James Webb Telescope’s first focused image exceeds expectations

by time news

NASA unveiled the first fully focused photo of a star taken by the James Webb Telescope on March 16. The result is spectacular. The instrument performs as well as astronomers had dreamed.

“See how far you’ve come”, Nasa raves on Twitter. Posting a series of photos of the star HD84406the American space agency explains that it started, on February 2, with 18 scattered points, “18 reflections of the same star, each from one of Webb’s primary mirror segments. These points were then rearranged, stacked and refined”.

With the result, precise CBS News, that after weeks of aligning the telescope’s mirrors, the agency released “a razor-sharp photo of a nondescript star against a backdrop of more distant galaxies that shows the telescope’s optical system is working almost perfectly”.

Mirror alignment is still in progress. But the agency’s director of research, Thomas Zurbuchen, is over the moon:

It is one of the most magnificent days of my entire career at NASA. Today we can report that the optics system will perform to specification or even better.”

The Australian Magazine Cosmos explains why the feeling of relief was noticeable at NASA: “The telescope’s main mirror is 6.5 meters wide and is made up of 18 hexagonal segments that self-assemble in space.
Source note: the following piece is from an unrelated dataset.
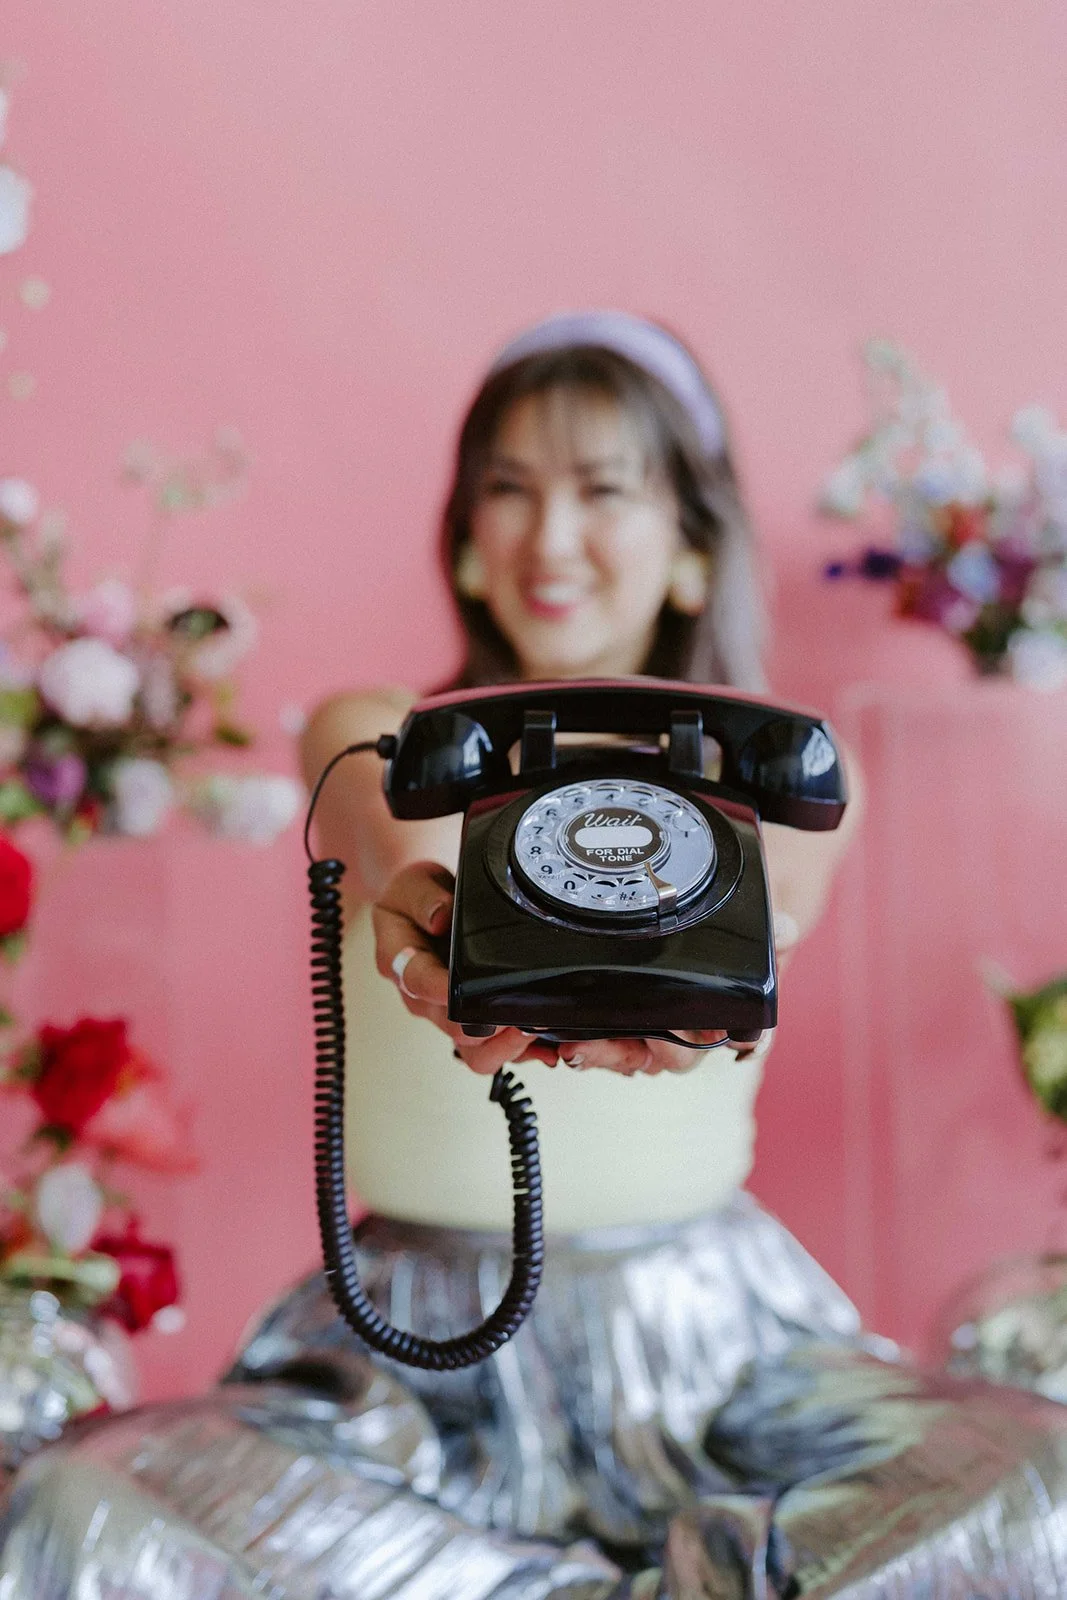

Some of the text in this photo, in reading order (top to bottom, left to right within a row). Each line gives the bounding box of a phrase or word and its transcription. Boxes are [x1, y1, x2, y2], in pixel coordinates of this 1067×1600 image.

Aligning each of these segments to complete a single smooth reflective surface requires nanoscale precision. Until now, there was no way to confirm that the process was successful”.

To go back in time

The near infrared camera NIRCam is the only one of the four instruments of the telescope deployed 1.5 million kilometers from Earth to be in operation. According to NASA, the other three will be operational in June or July.

The James Webb Telescope will then be able to transmit images that “will allow us to go back in time to capture galaxies from the earliest days of our universe, just a few hundred million years after the Big Bang – potentially transforming our understanding of galaxy formation and evolution.”marvels Cosmos.

The English video below explains how the mirrors were aligned.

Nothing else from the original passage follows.